##### DATASET RECORDS #####

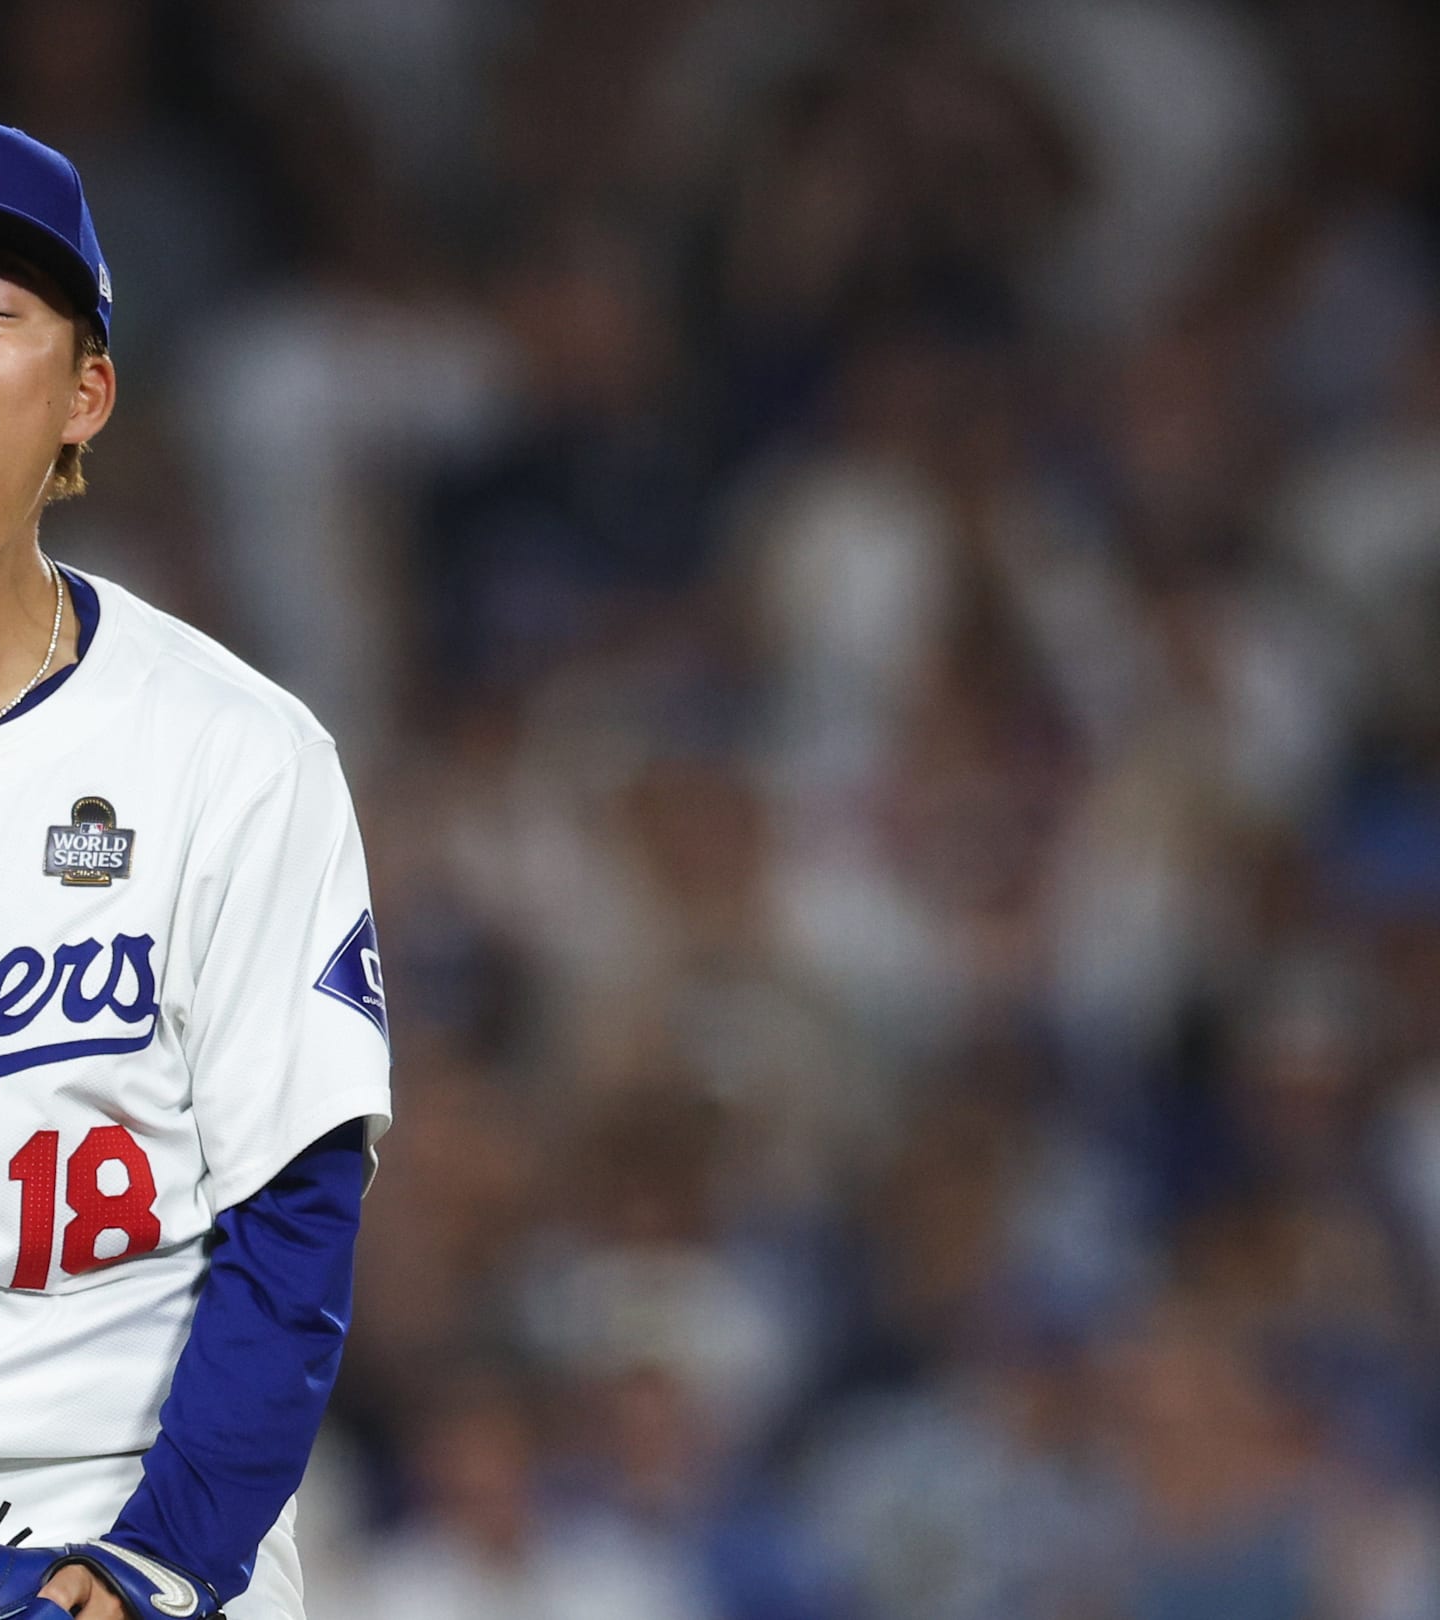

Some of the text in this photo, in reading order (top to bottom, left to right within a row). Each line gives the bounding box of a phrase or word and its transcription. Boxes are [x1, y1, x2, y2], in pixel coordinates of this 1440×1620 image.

[52, 833, 128, 852] WORLD
[53, 850, 124, 869] SERIES
[9, 1125, 161, 1291] 18
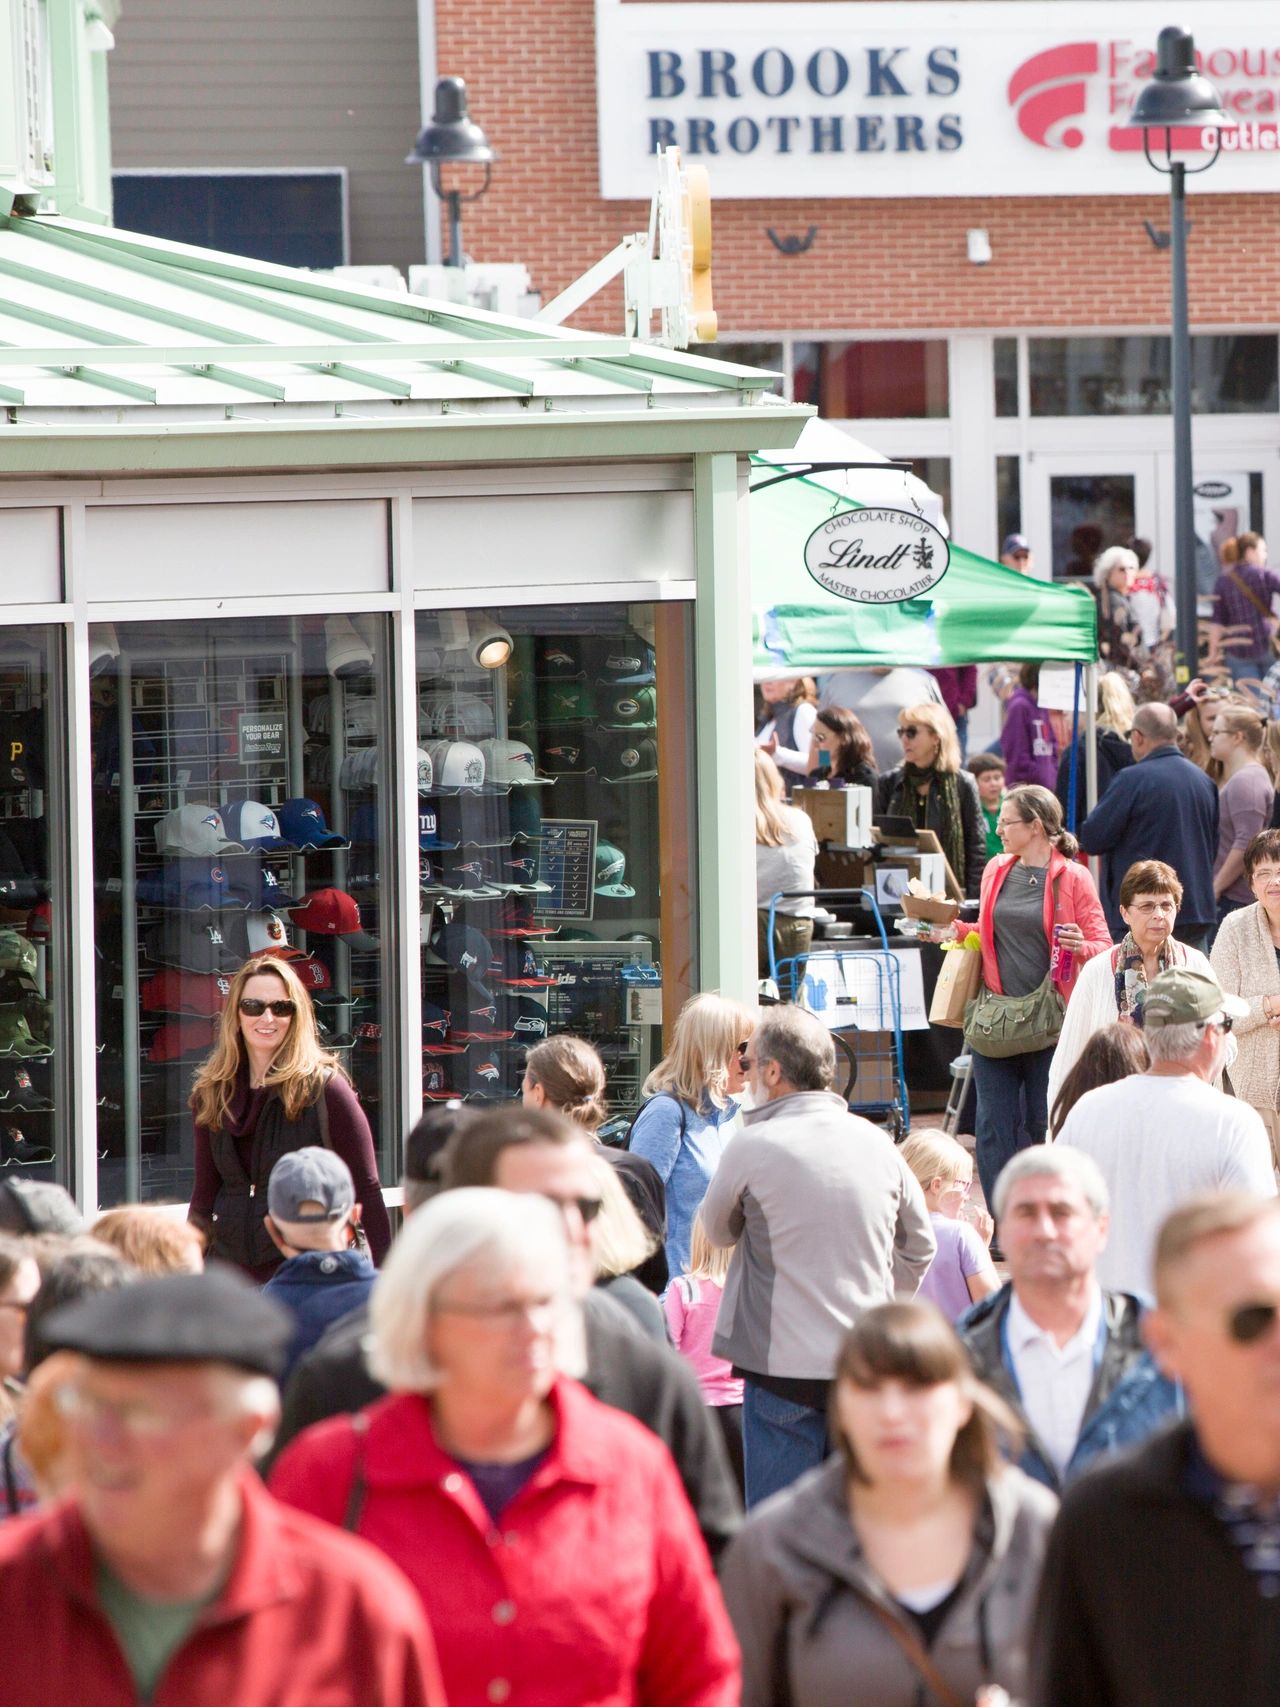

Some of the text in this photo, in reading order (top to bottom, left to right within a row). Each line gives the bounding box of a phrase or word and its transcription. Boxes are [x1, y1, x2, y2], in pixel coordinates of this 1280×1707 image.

[646, 47, 963, 100] BROOKS
[648, 114, 965, 155] BROTHERS
[824, 511, 930, 535] CHOCOLATE SHOP
[818, 538, 912, 570] Lindt
[818, 572, 935, 600] MASTER CHOCOLATIER
[242, 724, 283, 733] PERSONALIZE
[246, 731, 280, 741] YOUR GEAR
[10, 742, 23, 762] P
[211, 867, 225, 883] C
[261, 868, 278, 886] LA
[206, 926, 223, 944] LA

#####

### ACTION ITEM
The result should be the listing above, restated exactly, with no pictures in it.

### WRITTEN ANSWER
Some of the text in this photo, in reading order (top to bottom, left to right within a row). Each line gives the bounding box of a phrase or word and its transcription. Boxes are [x1, y1, x2, y2], in pixel coordinates of this 1440×1620 image.

[52, 833, 128, 852] WORLD
[53, 850, 124, 869] SERIES
[9, 1125, 161, 1291] 18

Some of the text in this photo, in reading order (top to bottom, left to right within a row). Each line gives the bounding box of a phrase or word and its transcription. Boxes are [x1, y1, x2, y2], in pixel coordinates of this 1280×1707 image.

[646, 47, 963, 100] BROOKS
[648, 114, 965, 155] BROTHERS
[824, 511, 930, 535] CHOCOLATE SHOP
[818, 538, 912, 570] Lindt
[818, 572, 935, 600] MASTER CHOCOLATIER
[242, 724, 283, 733] PERSONALIZE
[246, 731, 280, 741] YOUR GEAR
[10, 742, 23, 762] P
[211, 867, 225, 883] C
[261, 868, 278, 886] LA
[206, 926, 223, 944] LA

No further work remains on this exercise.